■ **How to complete this task**: Could you set down the listing below exactly, leaving out its pictures?
☆ ☆ ☆
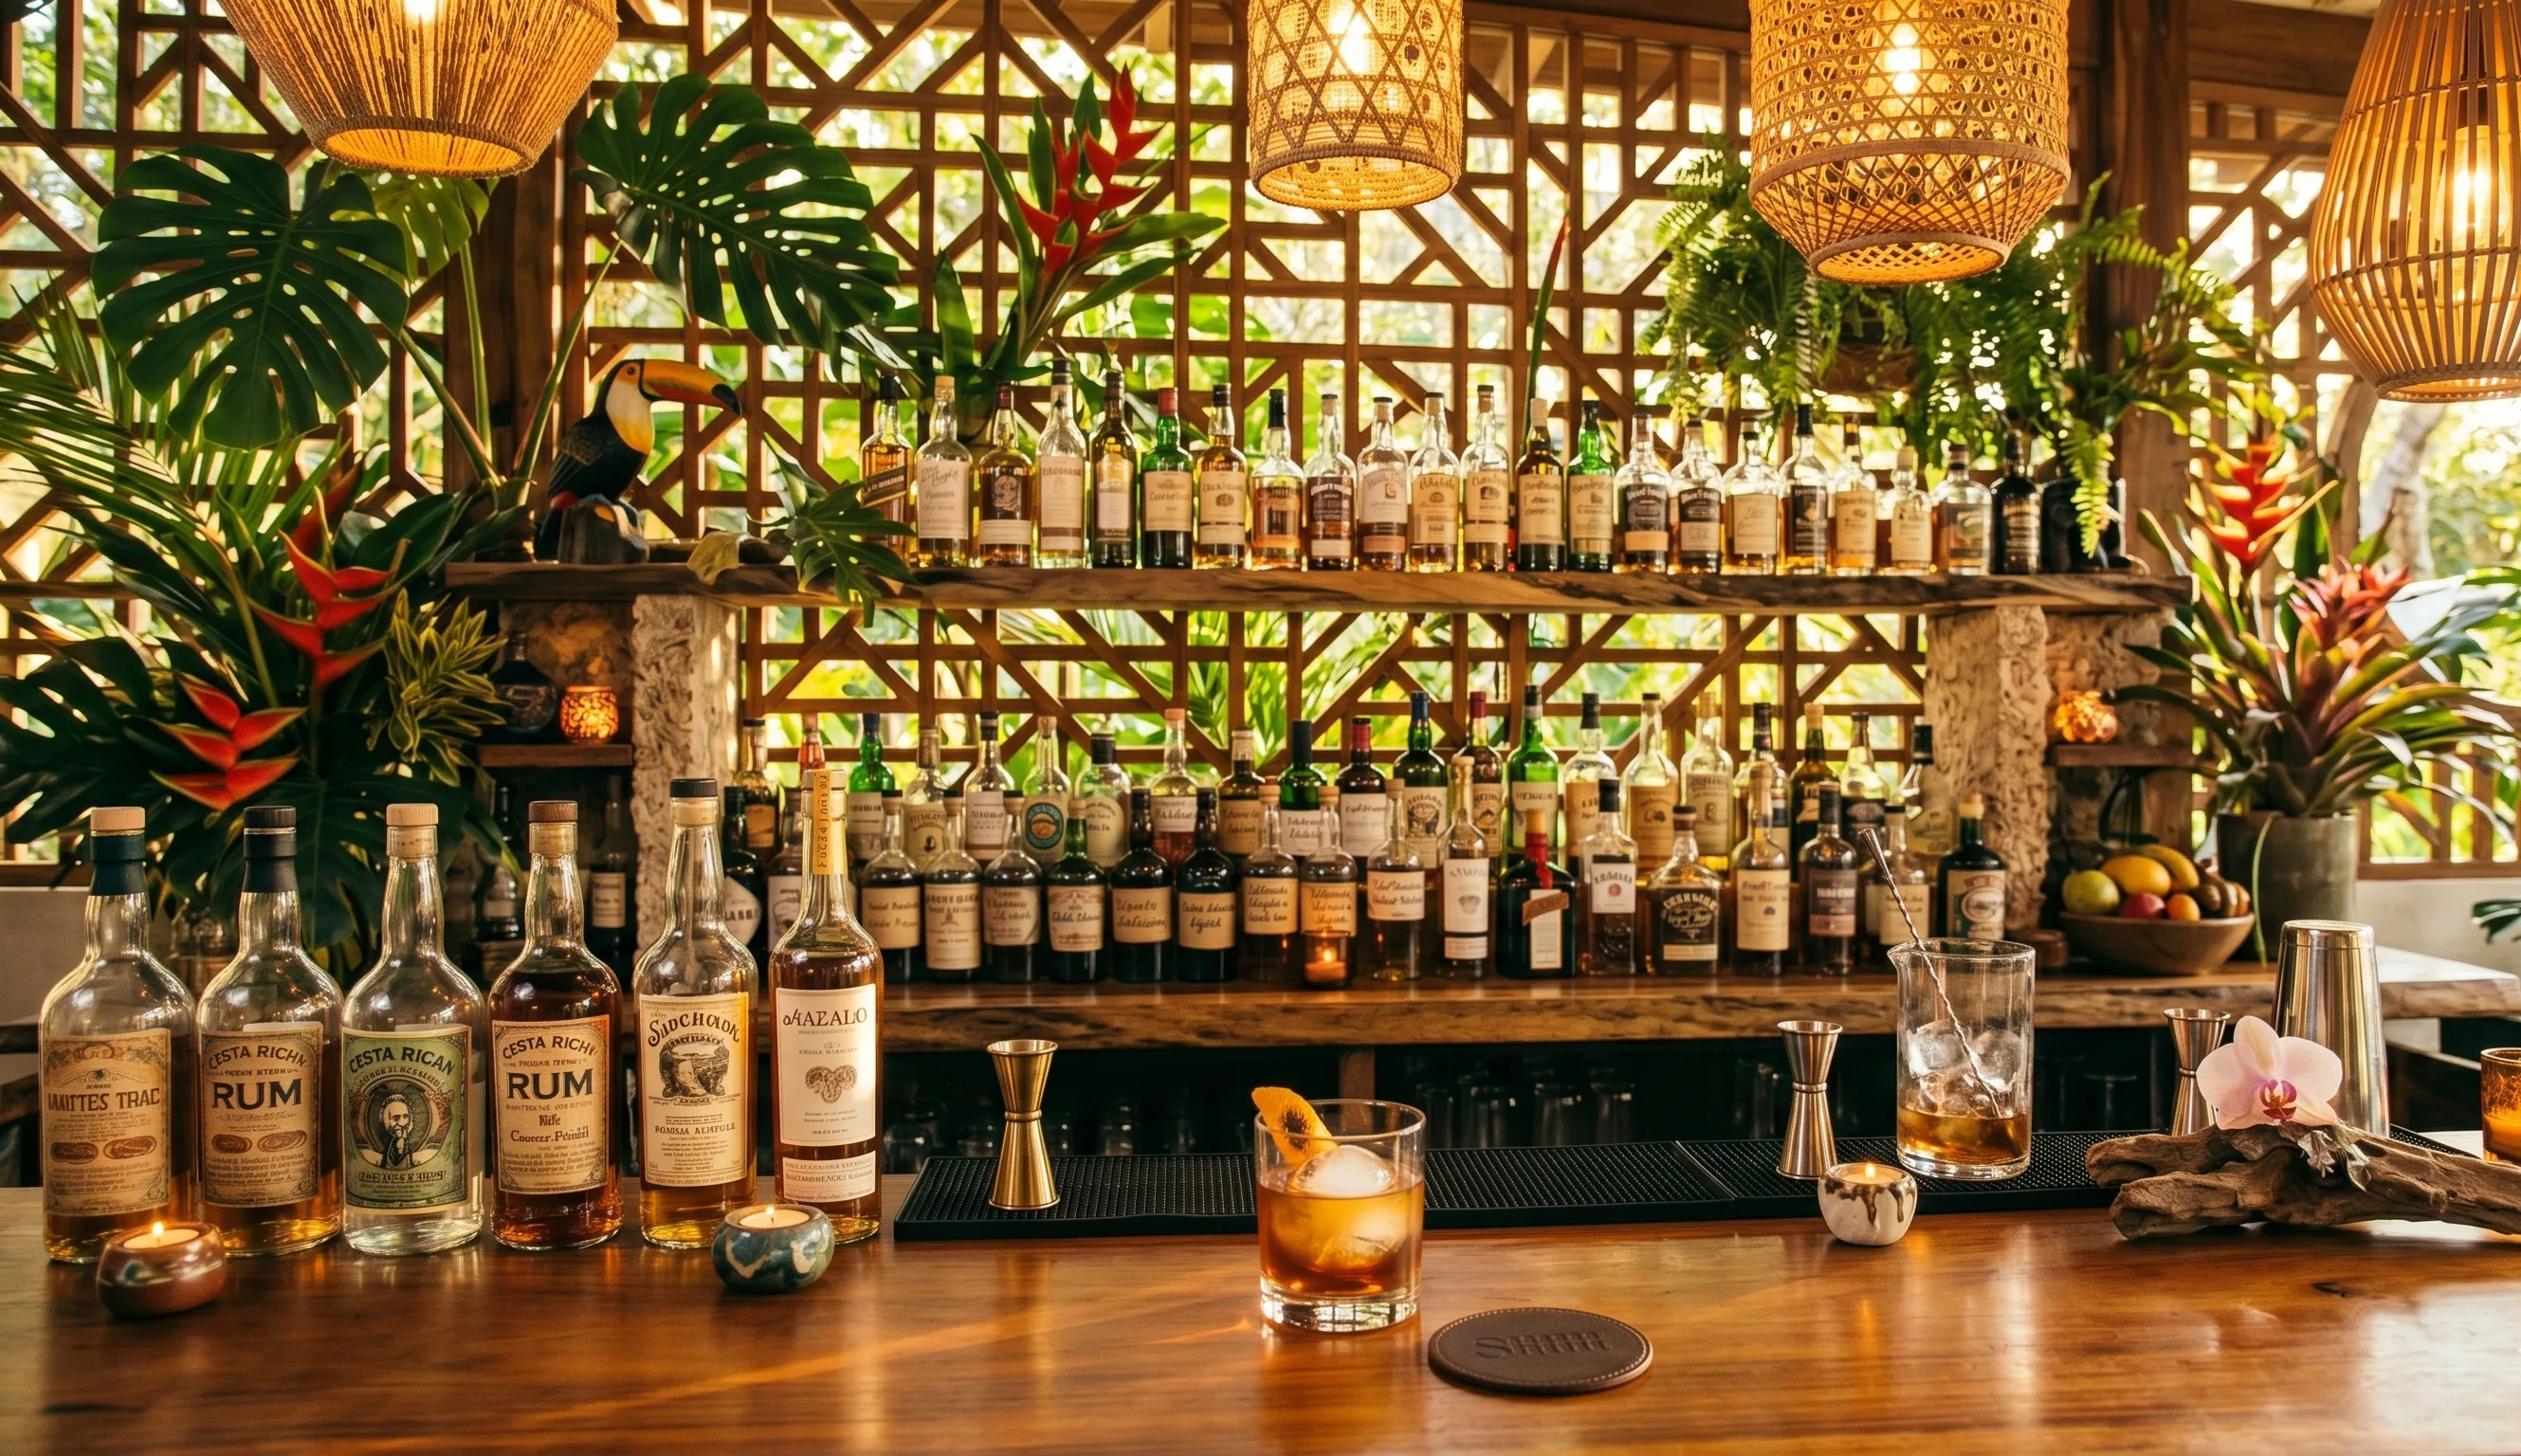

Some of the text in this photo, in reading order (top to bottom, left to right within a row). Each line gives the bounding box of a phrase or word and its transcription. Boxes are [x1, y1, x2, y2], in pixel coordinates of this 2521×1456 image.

[209, 1046, 251, 1069] CESTA
[349, 1046, 455, 1076] CESTA RICAN
[502, 1036, 546, 1059] CESTA
[211, 1078, 302, 1110] RUM
[506, 1068, 594, 1100] RUM
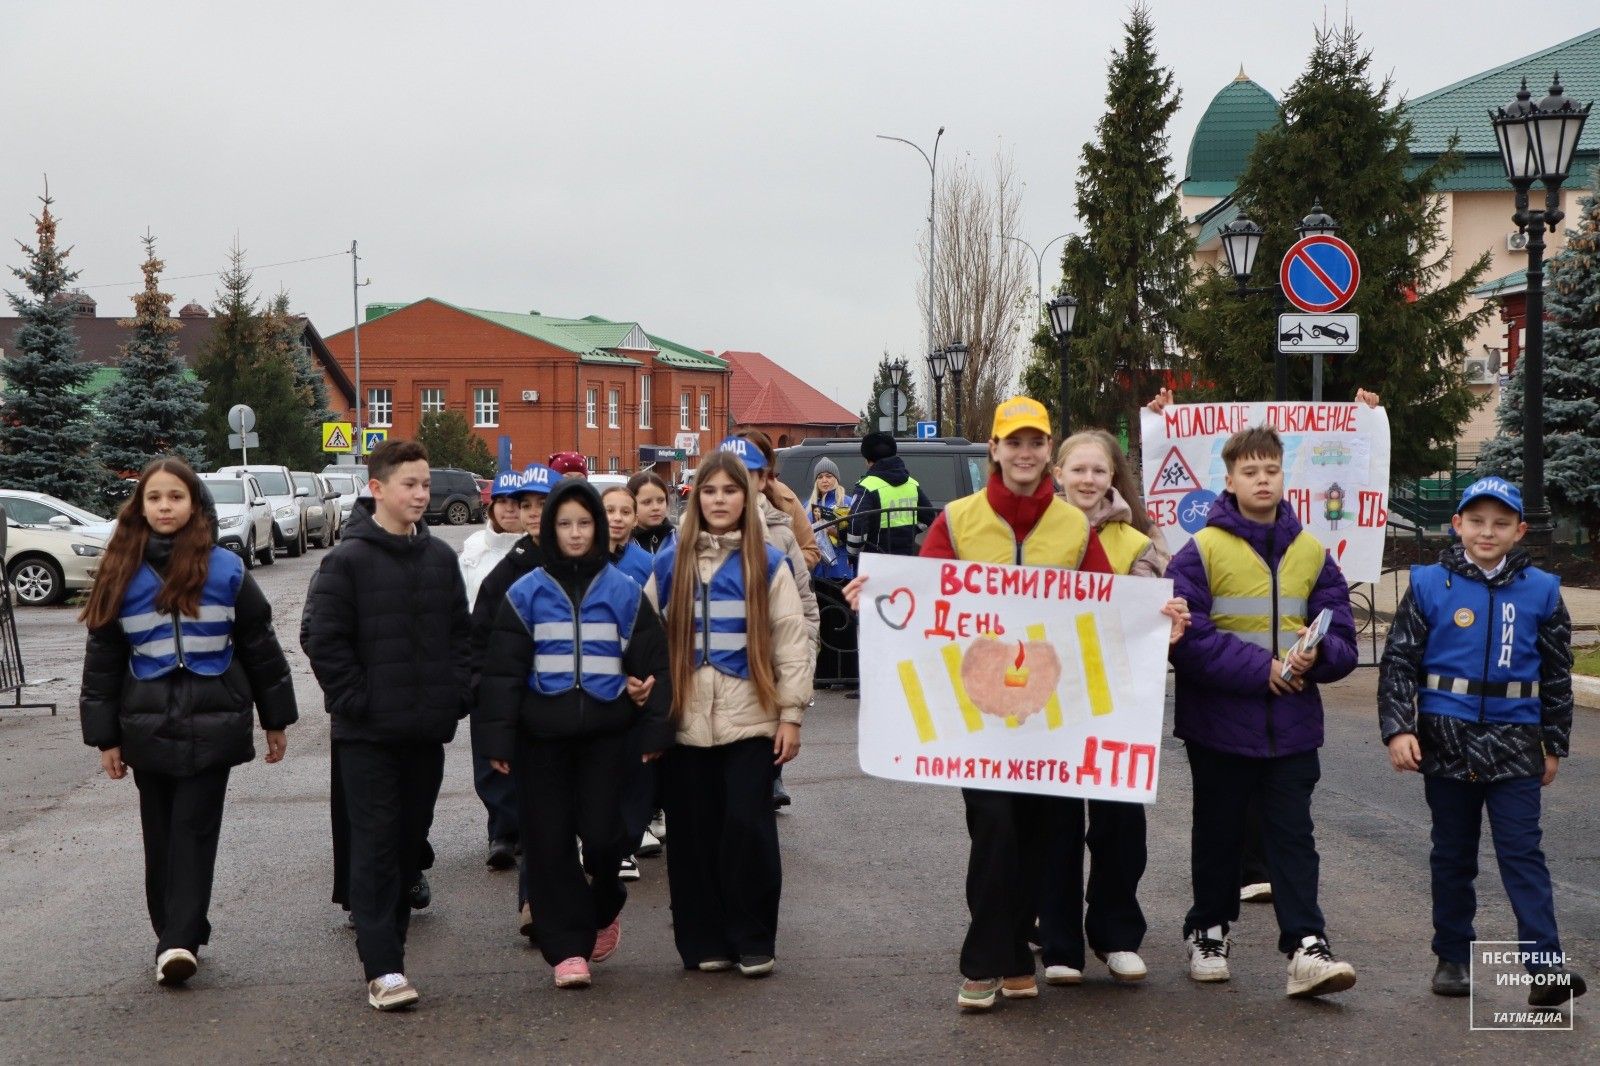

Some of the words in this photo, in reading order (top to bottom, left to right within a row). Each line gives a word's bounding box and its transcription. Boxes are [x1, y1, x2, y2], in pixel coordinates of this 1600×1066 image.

[1165, 405, 1250, 438] МОЛОДОЕ
[1267, 405, 1358, 432] ПОКОЛЕНИЕ
[1471, 479, 1509, 497] ЮИД
[924, 600, 1005, 640] ДЕНЬ
[1498, 602, 1516, 668] ЮИД
[915, 755, 1002, 780] ПАМЯТИ
[1007, 758, 1070, 783] ЖЕРТВ
[1076, 736, 1156, 791] ДТП
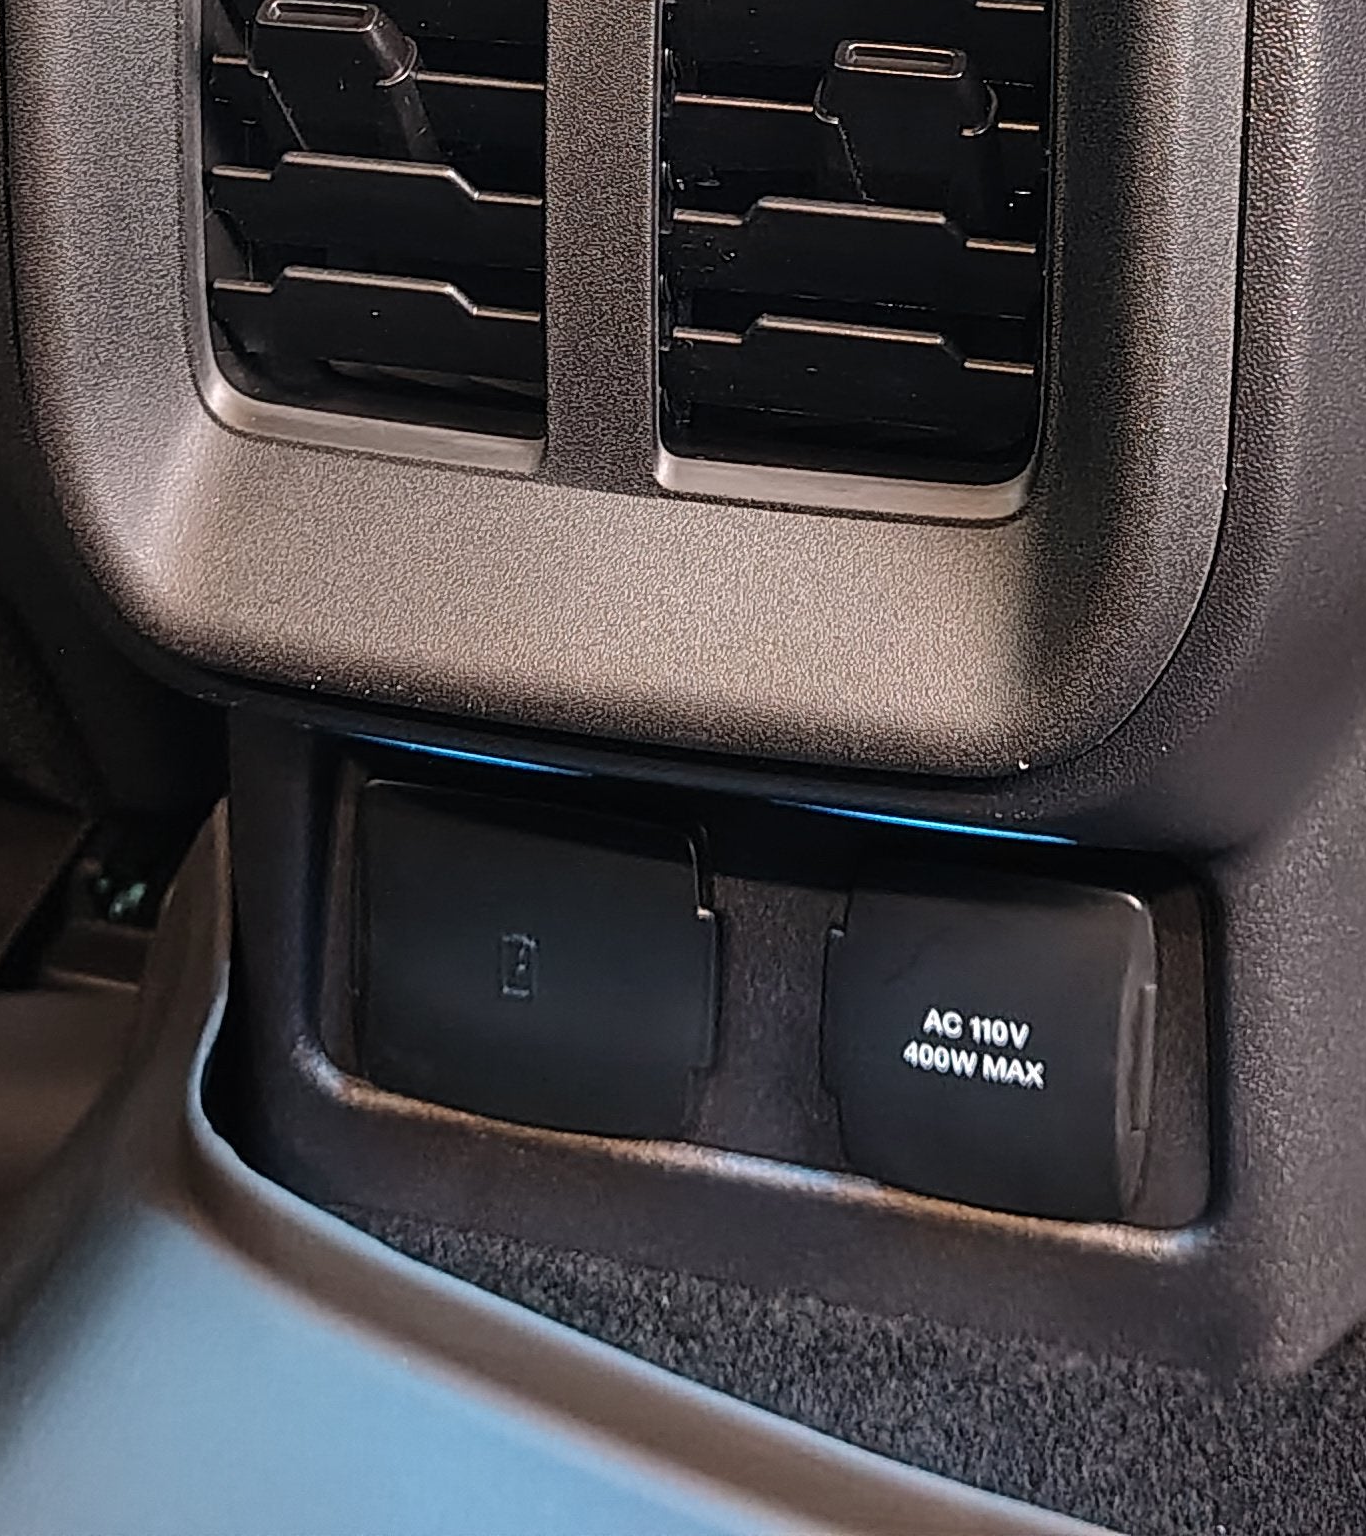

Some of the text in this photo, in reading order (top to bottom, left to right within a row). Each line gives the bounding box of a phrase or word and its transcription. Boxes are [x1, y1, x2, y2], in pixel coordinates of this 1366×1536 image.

[923, 1008, 1030, 1050] AC 110V
[902, 1040, 1045, 1089] 400W MAX
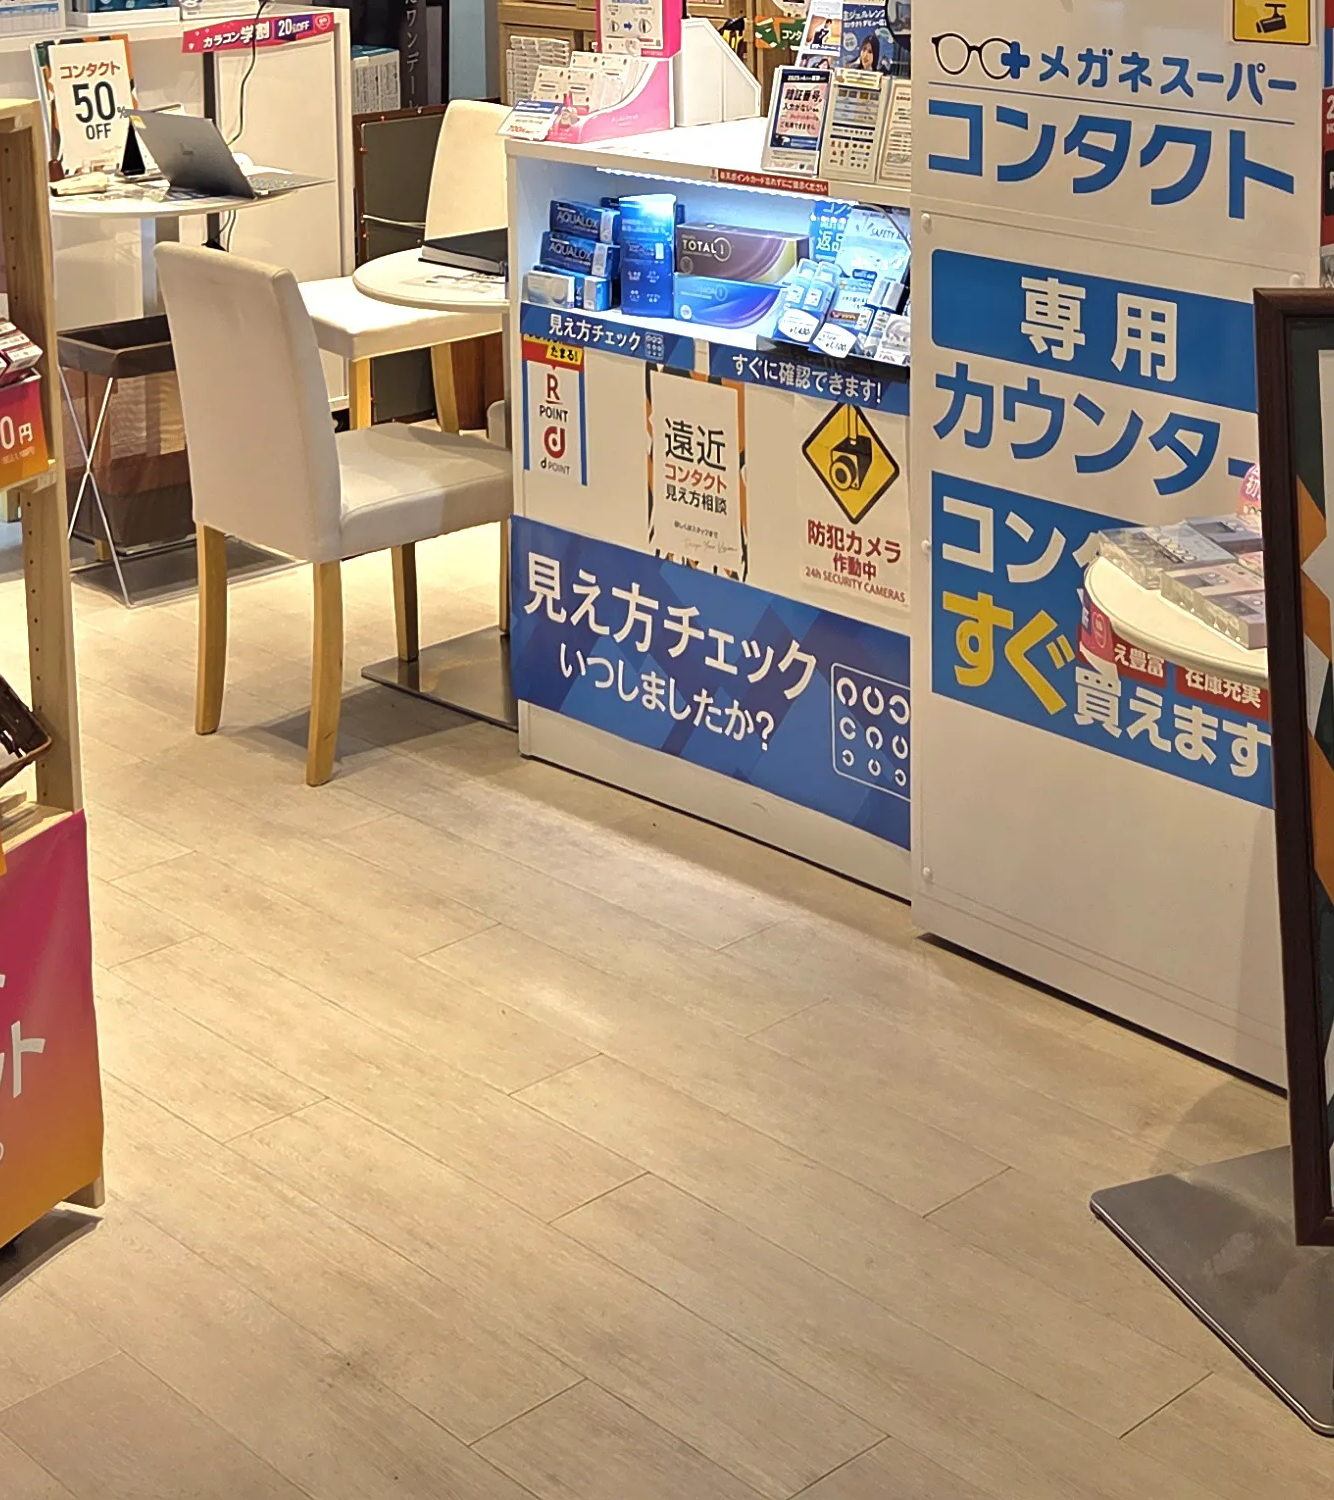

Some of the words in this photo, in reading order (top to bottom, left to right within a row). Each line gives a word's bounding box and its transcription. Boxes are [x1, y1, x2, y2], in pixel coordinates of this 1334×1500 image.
☆ ☆ ☆
■ **Response for this exercise**:
Some of the text in this photo, in reading order (top to bottom, left to right within a row). Each line gives the bounding box of a phrase or word and its transcription. Boxes are [x1, y1, x2, y2], in pixel coordinates of this 2521×1456 image.

[209, 1046, 251, 1069] CESTA
[349, 1046, 455, 1076] CESTA RICAN
[502, 1036, 546, 1059] CESTA
[211, 1078, 302, 1110] RUM
[506, 1068, 594, 1100] RUM

Some of the words in this photo, in reading order (top to bottom, left to right within a row). Each line gives a word's bounding box and its transcription. Boxes are [x1, y1, x2, y2], in pixel coordinates of this 1600×1066 image.

[1165, 405, 1250, 438] МОЛОДОЕ
[1267, 405, 1358, 432] ПОКОЛЕНИЕ
[1471, 479, 1509, 497] ЮИД
[924, 600, 1005, 640] ДЕНЬ
[1498, 602, 1516, 668] ЮИД
[915, 755, 1002, 780] ПАМЯТИ
[1007, 758, 1070, 783] ЖЕРТВ
[1076, 736, 1156, 791] ДТП

Some of the text in this photo, in reading order (top to bottom, left to right within a row). Each line gives the bounding box of a phrase or word and its transcription. Boxes are [x1, y1, x2, y2], in pixel coordinates of this 1366×1536 image.

[923, 1008, 1030, 1050] AC 110V
[902, 1040, 1045, 1089] 400W MAX

Some of the words in this photo, in reading order (top to bottom, left to right within a row). Each line gives a word's bounding box and its transcription. Boxes are [x1, y1, x2, y2], in pixel coordinates of this 1334×1500 image.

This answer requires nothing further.